Prof Jim DavisIt is with a very heavy heart that we write to let you know that Professor Jim Davis passed away on Saturday 4th November following a stroke. Everyone who had the pleasure of encountering Jim will appreciate that this is a huge loss for his family, friends, colleagues, collaborators and the wider research community. He was a fantastic scholar and unwavering champion for the discipline and theatre historiography. He was such an important part of the Theatre and Performance family at the University of Warwick and will be missed for his leadership, mentorship, friendship and unfailing sense of fun and mischief.

Jim Davis joined Warwick in 2004 as Head of Department (2004-2009) after eighteen years teaching Theatre Studies at the University of New South Wales in Sydney, where he was latterly Head of the School of Theatre, Film and Dance. In Australia he was also President of the Australasian Drama Studies Association and member of the Board of Studies of the National Institute of Dramatic Art. Prior to leaving for Australia he spent ten years teaching in London at what is now Roehampton University. He co-organised many conferences including for the International Federation of Theatre Research (IFTR) in New South Wales and at Warwick. He convened Historiography Working Groups for both IFTR and for TaPRA. He served as an editor for the journal Nineteenth Century Theatre and Film.

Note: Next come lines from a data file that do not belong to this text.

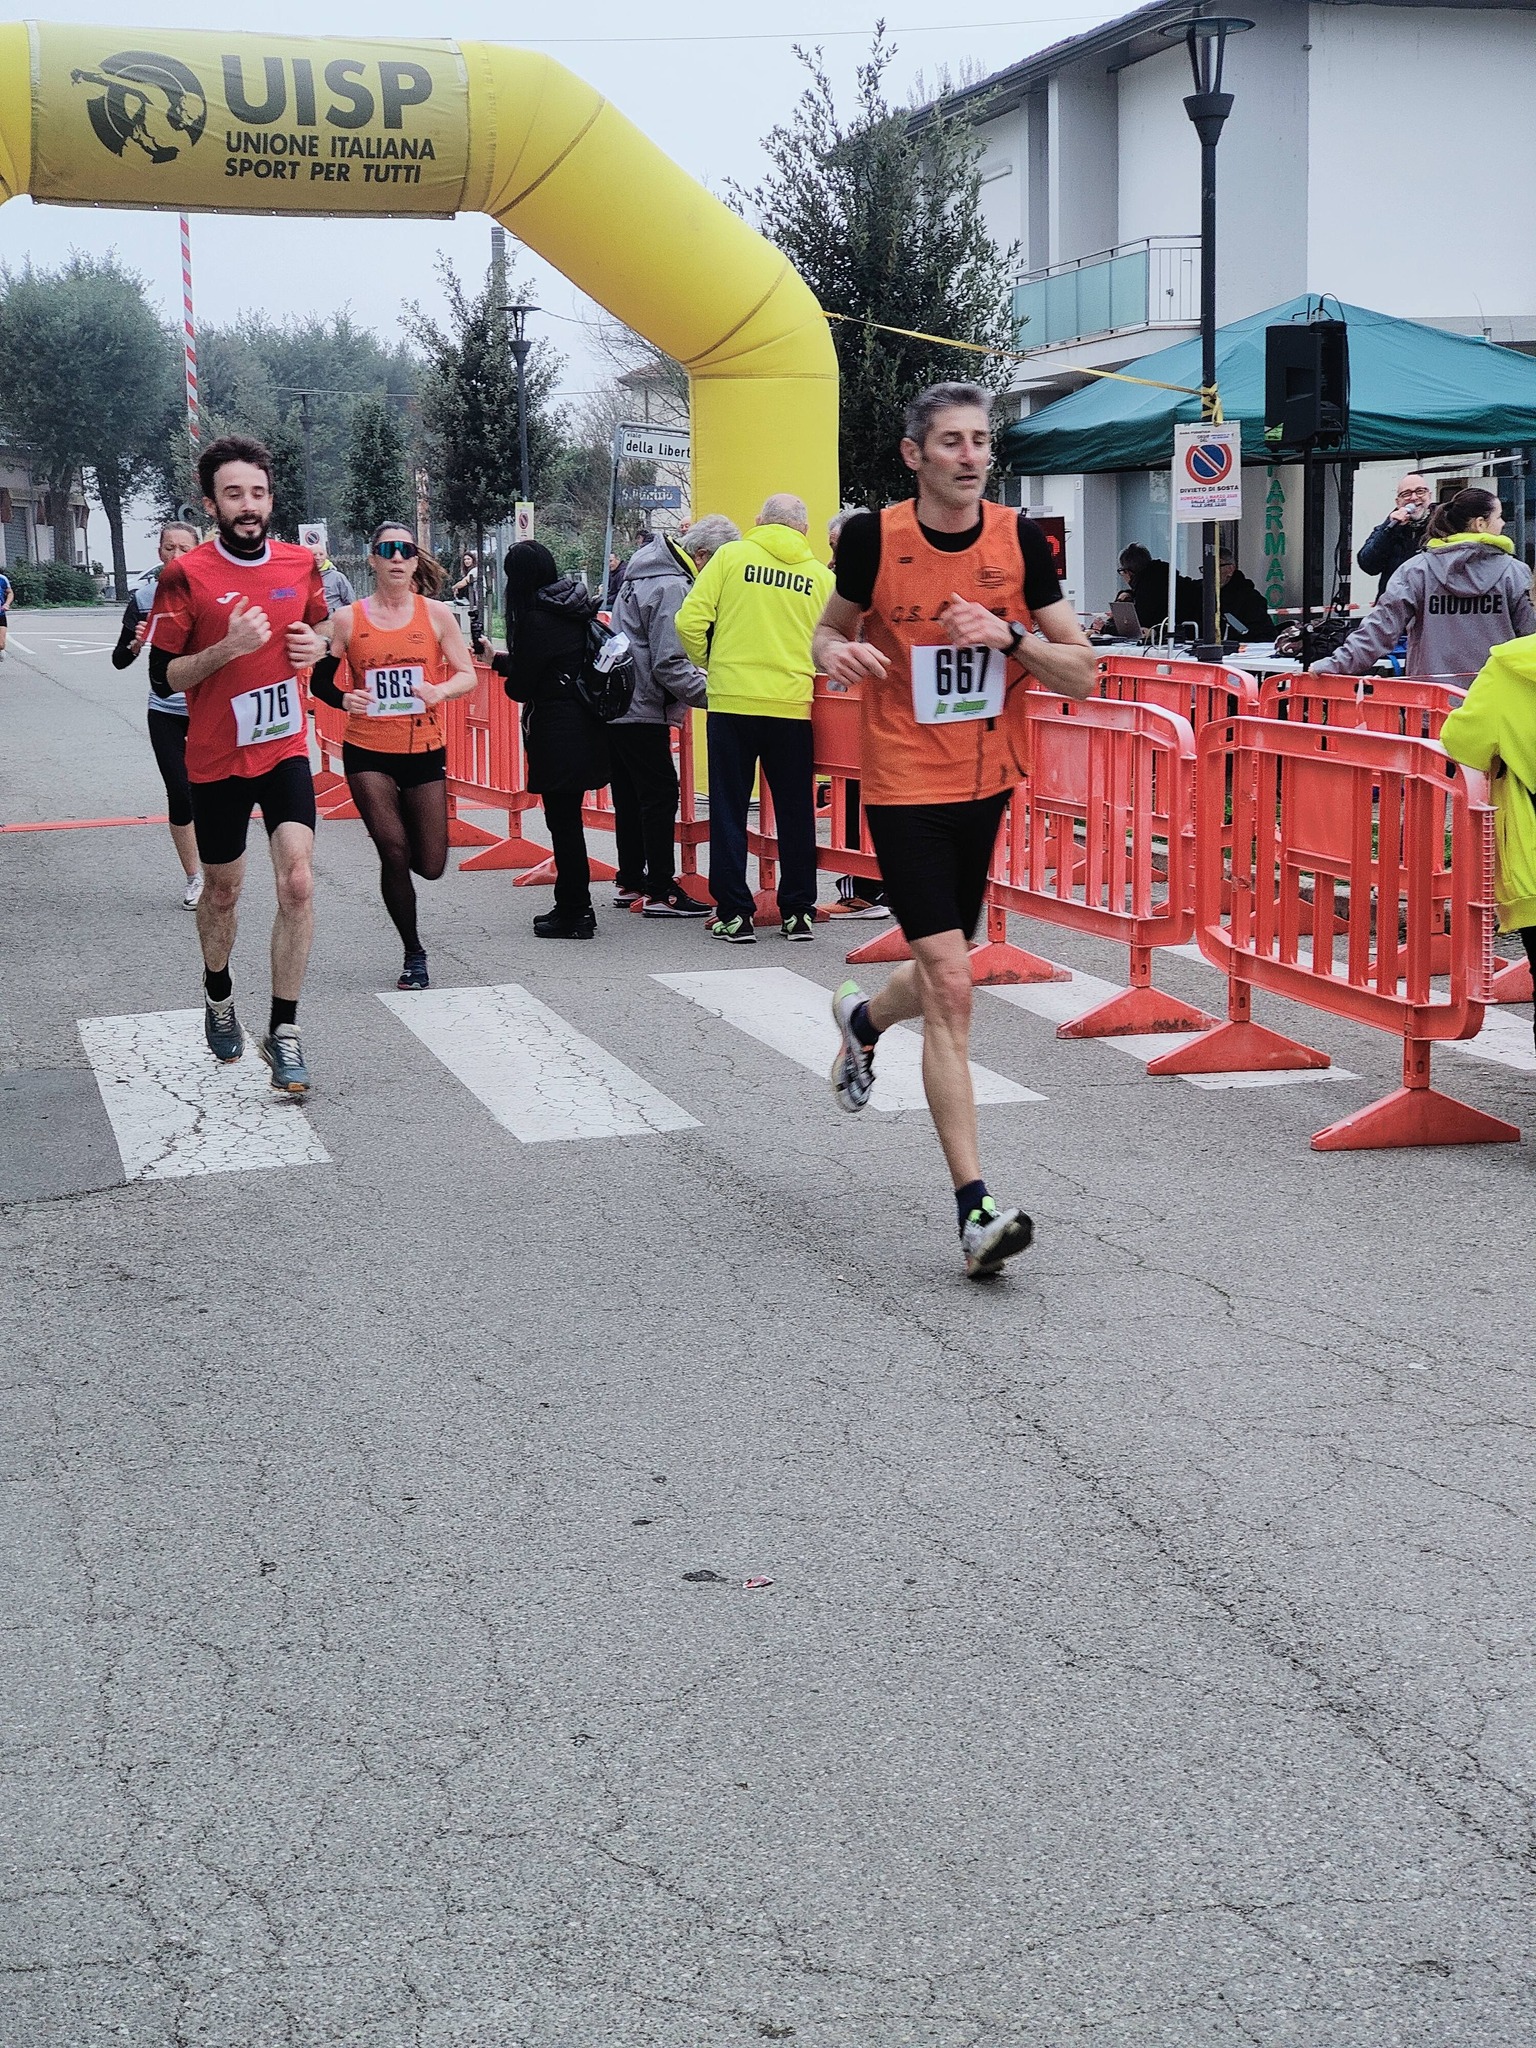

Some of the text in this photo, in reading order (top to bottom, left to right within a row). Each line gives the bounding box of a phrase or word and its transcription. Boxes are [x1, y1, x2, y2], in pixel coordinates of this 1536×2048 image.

[221, 54, 433, 130] UISP
[226, 131, 436, 160] UNIONE ITALIANA
[224, 158, 422, 184] SPORT PER TUTTI
[626, 440, 653, 454] della
[744, 564, 814, 596] GIUDICE
[1428, 595, 1503, 615] GIUDICE
[376, 669, 413, 699] 683
[936, 646, 991, 696] 667
[250, 683, 290, 726] 776

He published widely and with considerable critical acclaim in the area of nineteenth-century British theatre. His most recent bookComic Acting and Portraiture in Late-Georgian and Regency England (2015) won the TaPRA David Bradby Prize for Research in International Theatre and Performance in 2017 and was shortlisted for the 2015 TLA George Freedley Memorial Award. His other publications include Theatre & Entertainment (2016), Dickensian Dramas: Plays from Charles Dickens Volume II (2017) and European Theatre Performance Practice Vol 3 1750-1900 (editor, 2014). He was also joint author of a study of London theatre audiences in the nineteenth century Reflecting the Audience: London 1840-1880 (2001), which was awarded the 2001 Theatre Book Prize. He contributed numerous chapters including essays on nineteenth-century acting to the Cambridge History of British Theatre and on audiences to the Cambridge Companion to Victorian and Edwardian Theatre. He also published many articles in Theatre Journal, Theatre Survey, Theatre Notebook, Essays in Theatre, Themes in Drama, New Theatre Quarterly, Nineteenth Century Theatre, Theatre Research International and The Dickensian. He was also responsible for many of the theatrical entries in The Oxford Readers' Companion to Dickens and contributed to the Oxford Encyclopaedia of Theatre and Performance, The Cambridge Encyclopaedia of Stage Actors and Acting and the New Dictionary of National Biography. For several years he wrote an annual review of publications on nineteenth-century English Drama and Theatre for The Year's Work in English Studies.

An event to celebrate Jim’s life and work was held on 6 January 2024 12pm-4pm in the Studios in the Faculty of Arts Building on the University of Warwick's campus.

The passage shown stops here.